(Data extract Opens)

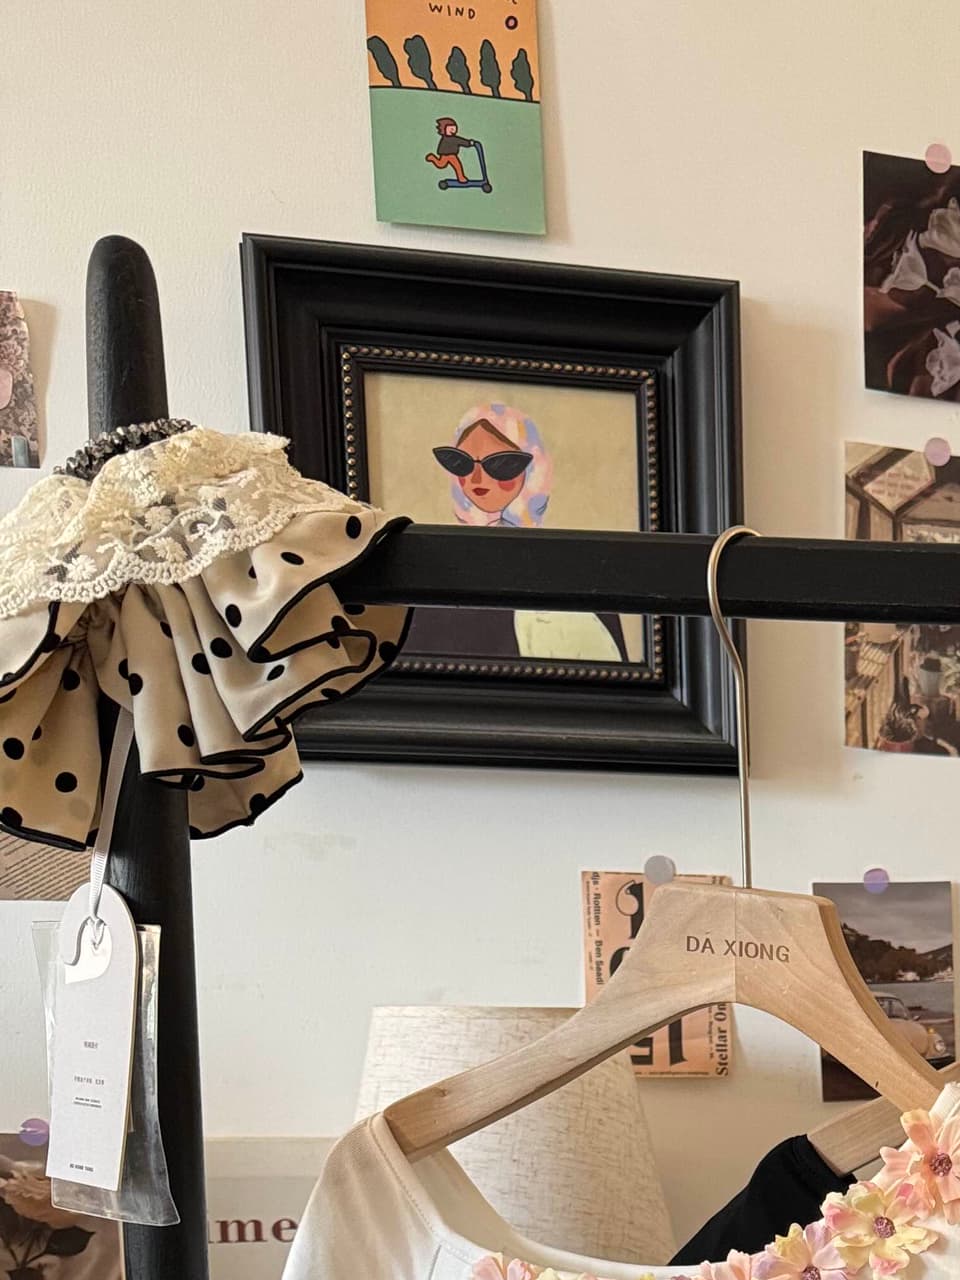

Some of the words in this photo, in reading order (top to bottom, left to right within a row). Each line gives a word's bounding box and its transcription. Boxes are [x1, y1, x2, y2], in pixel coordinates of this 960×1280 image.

[428, 3, 476, 19] WIND
[723, 939, 790, 963] XIONG
[715, 1027, 729, 1076] Stellar
[207, 1218, 299, 1244] me
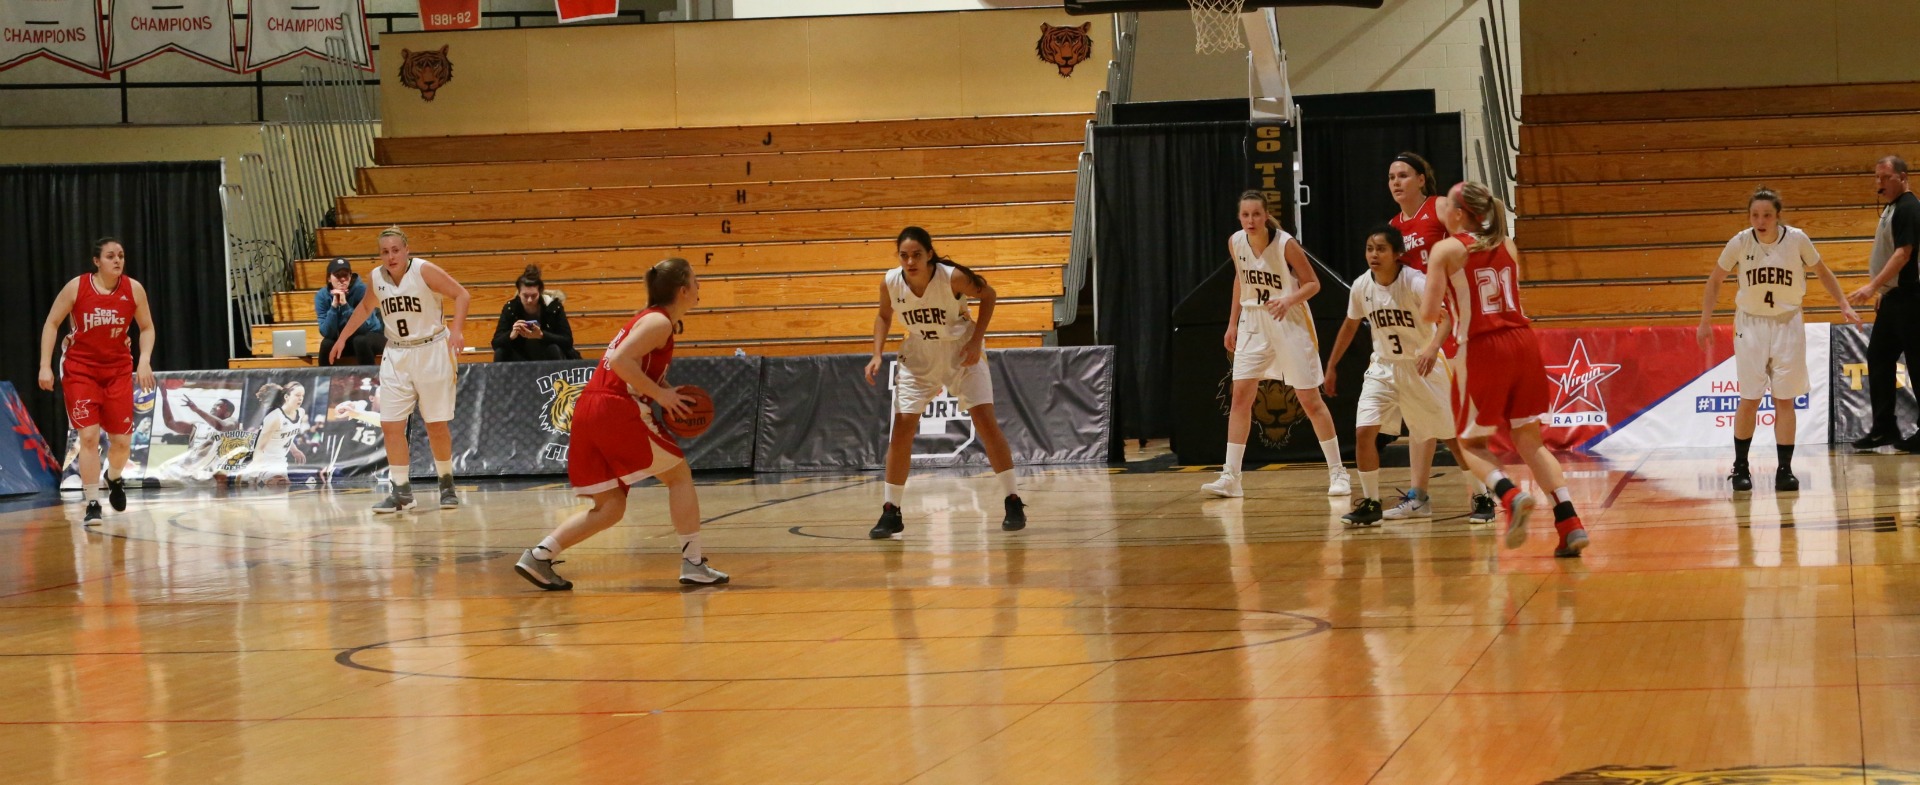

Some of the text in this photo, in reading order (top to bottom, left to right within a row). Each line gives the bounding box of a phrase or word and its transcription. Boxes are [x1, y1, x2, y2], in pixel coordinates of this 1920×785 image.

[131, 15, 212, 32] CHAMPIONS
[267, 16, 343, 33] CHAMPIONS
[430, 11, 471, 26] 1981-82
[4, 27, 86, 43] CHAMPIONS
[763, 132, 772, 146] J
[1256, 126, 1281, 152] GO
[736, 190, 746, 204] H
[721, 220, 731, 234] G
[705, 253, 713, 265] F
[1746, 266, 1793, 287] TIGERS
[1256, 288, 1270, 305] 14
[1474, 266, 1517, 315] 21
[1764, 290, 1774, 308] 4
[381, 295, 422, 316] TIGERS
[83, 313, 126, 333] Hawks
[902, 307, 946, 326] TIGERS
[1369, 308, 1415, 329] TIGERS
[396, 318, 409, 337] 8
[1388, 334, 1402, 354] 3
[1560, 359, 1601, 397] Virgin
[1698, 397, 1716, 411] #1
[1553, 414, 1603, 424] RADIO
[351, 426, 376, 446] 16
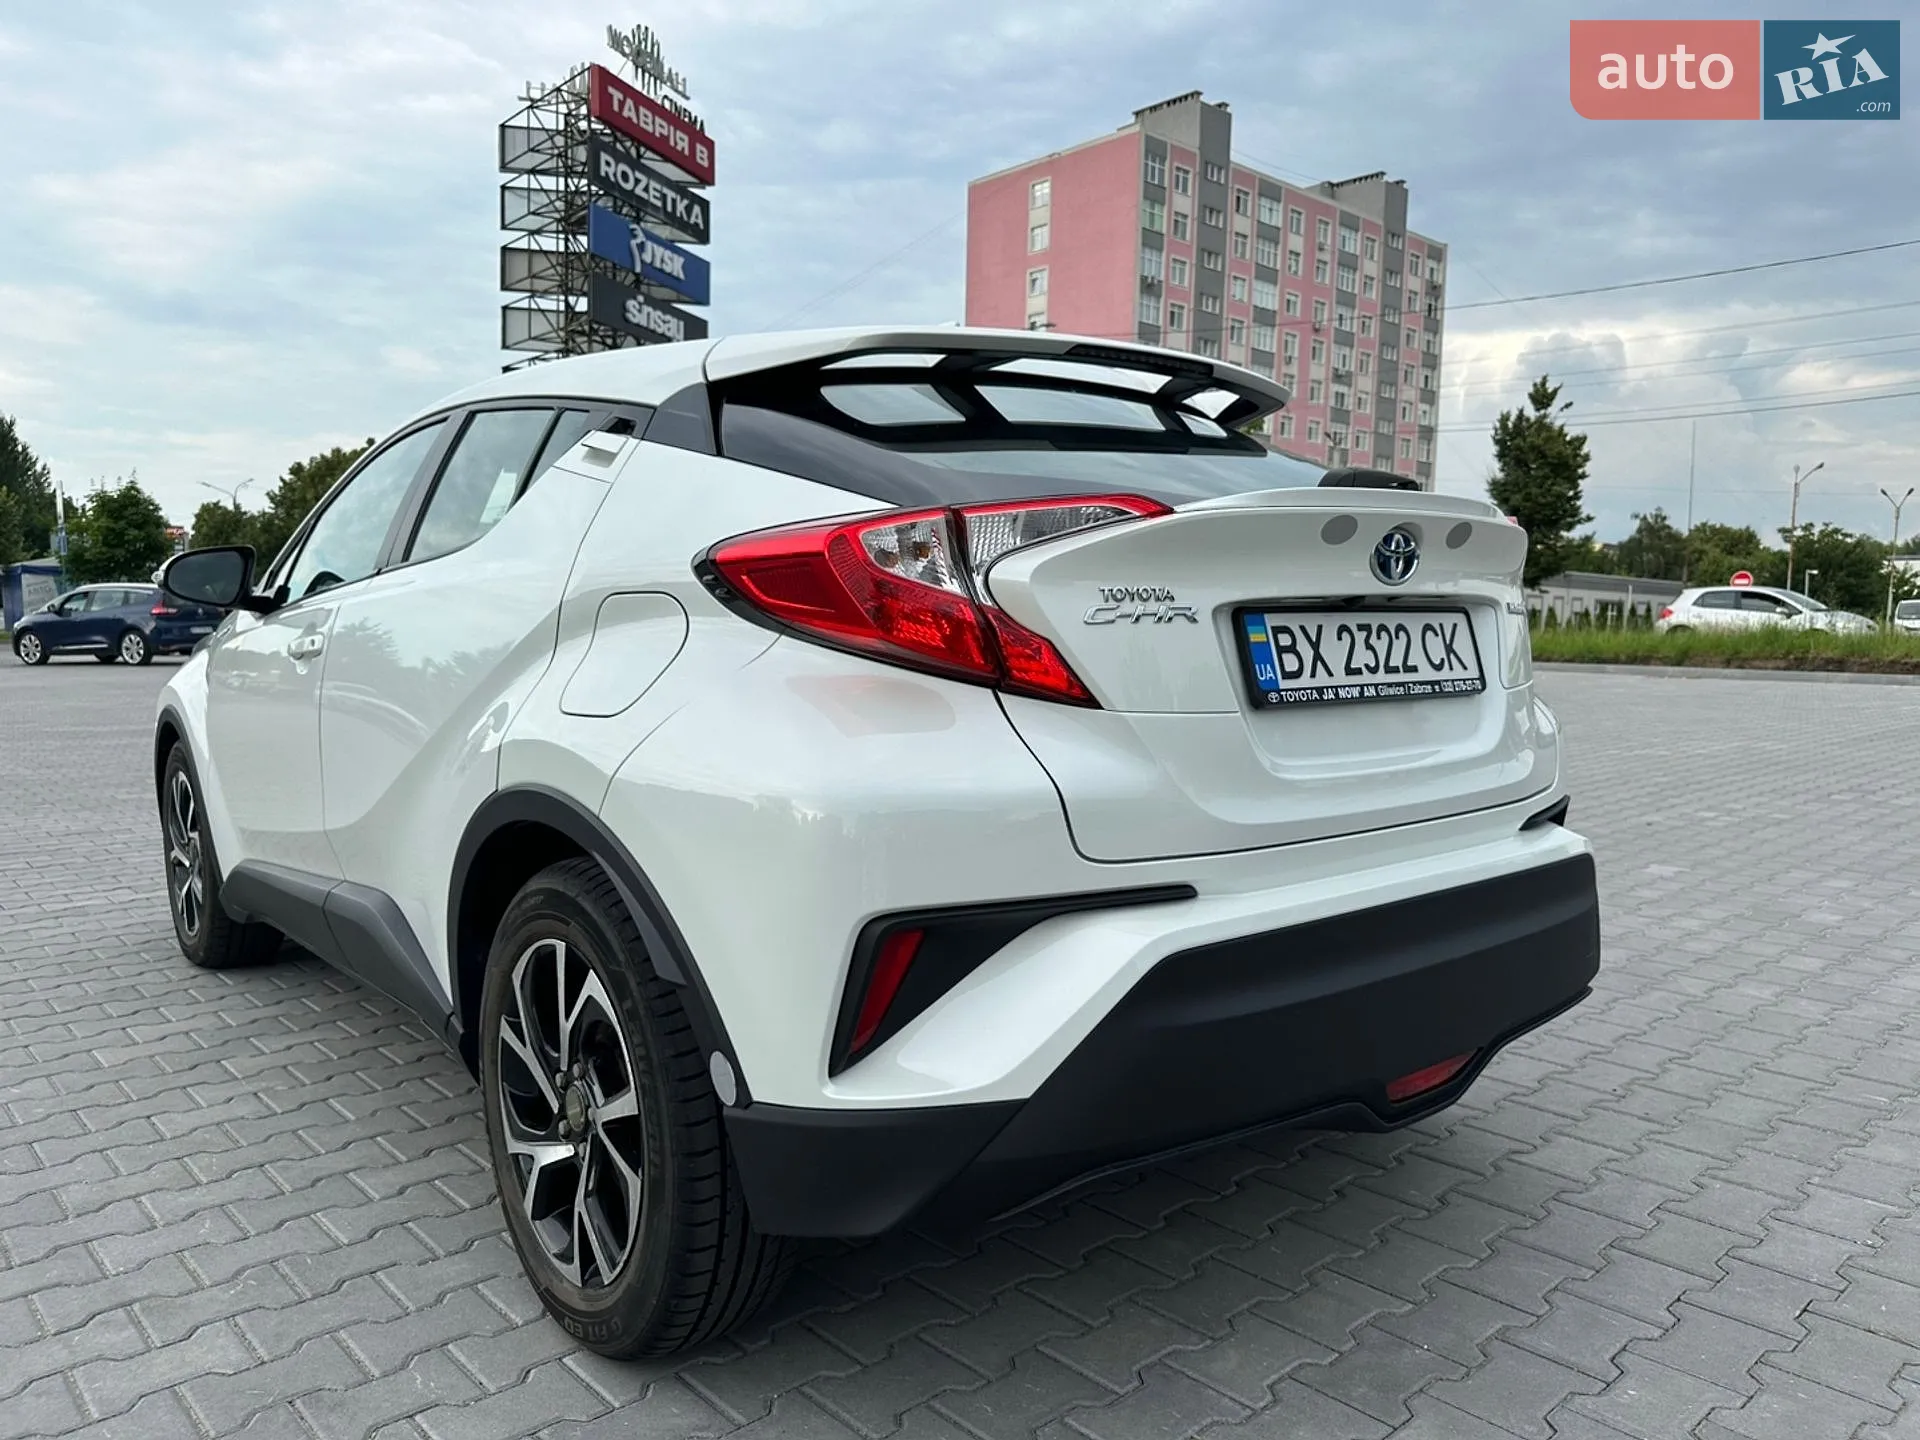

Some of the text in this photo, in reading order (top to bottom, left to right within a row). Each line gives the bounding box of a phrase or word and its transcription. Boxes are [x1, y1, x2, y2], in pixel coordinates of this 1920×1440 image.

[607, 85, 689, 156] ТАВРІЯ
[600, 151, 704, 230] ROZETKA
[641, 239, 686, 280] JYSK
[1098, 586, 1175, 603] TOYOTA
[1083, 604, 1199, 625] C-HR
[1270, 622, 1469, 680] BX 2322 CK
[1255, 664, 1276, 681] UA
[1281, 689, 1320, 702] TOYOTA
[1364, 685, 1376, 697] AN
[1378, 684, 1405, 696] Gliwice
[1409, 682, 1433, 694] Zabrze

(Data extract Closes)

Aim of the exercise: When a record holds a picture, leave that picture out; copy the rest verbatim.

Task output:
Some of the words in this photo, in reading order (top to bottom, left to right within a row). Each line gives a word's bounding box and its transcription. Boxes are [x1, y1, x2, y2], in pixel coordinates of this 960×1280 image.

[428, 3, 476, 19] WIND
[723, 939, 790, 963] XIONG
[715, 1027, 729, 1076] Stellar
[207, 1218, 299, 1244] me

Some of the text in this photo, in reading order (top to bottom, left to right within a row). Each line gives the bounding box of a phrase or word and its transcription. Boxes are [x1, y1, x2, y2], in pixel coordinates of this 1920×785 image.

[131, 15, 212, 32] CHAMPIONS
[267, 16, 343, 33] CHAMPIONS
[430, 11, 471, 26] 1981-82
[4, 27, 86, 43] CHAMPIONS
[763, 132, 772, 146] J
[1256, 126, 1281, 152] GO
[736, 190, 746, 204] H
[721, 220, 731, 234] G
[705, 253, 713, 265] F
[1746, 266, 1793, 287] TIGERS
[1256, 288, 1270, 305] 14
[1474, 266, 1517, 315] 21
[1764, 290, 1774, 308] 4
[381, 295, 422, 316] TIGERS
[83, 313, 126, 333] Hawks
[902, 307, 946, 326] TIGERS
[1369, 308, 1415, 329] TIGERS
[396, 318, 409, 337] 8
[1388, 334, 1402, 354] 3
[1560, 359, 1601, 397] Virgin
[1698, 397, 1716, 411] #1
[1553, 414, 1603, 424] RADIO
[351, 426, 376, 446] 16

Some of the text in this photo, in reading order (top to bottom, left to right within a row). Each line gives the bounding box of a phrase or word and its transcription. Boxes are [x1, y1, x2, y2], in pixel coordinates of this 1920×1440 image.

[607, 85, 689, 156] ТАВРІЯ
[600, 151, 704, 230] ROZETKA
[641, 239, 686, 280] JYSK
[1098, 586, 1175, 603] TOYOTA
[1083, 604, 1199, 625] C-HR
[1270, 622, 1469, 680] BX 2322 CK
[1255, 664, 1276, 681] UA
[1281, 689, 1320, 702] TOYOTA
[1364, 685, 1376, 697] AN
[1378, 684, 1405, 696] Gliwice
[1409, 682, 1433, 694] Zabrze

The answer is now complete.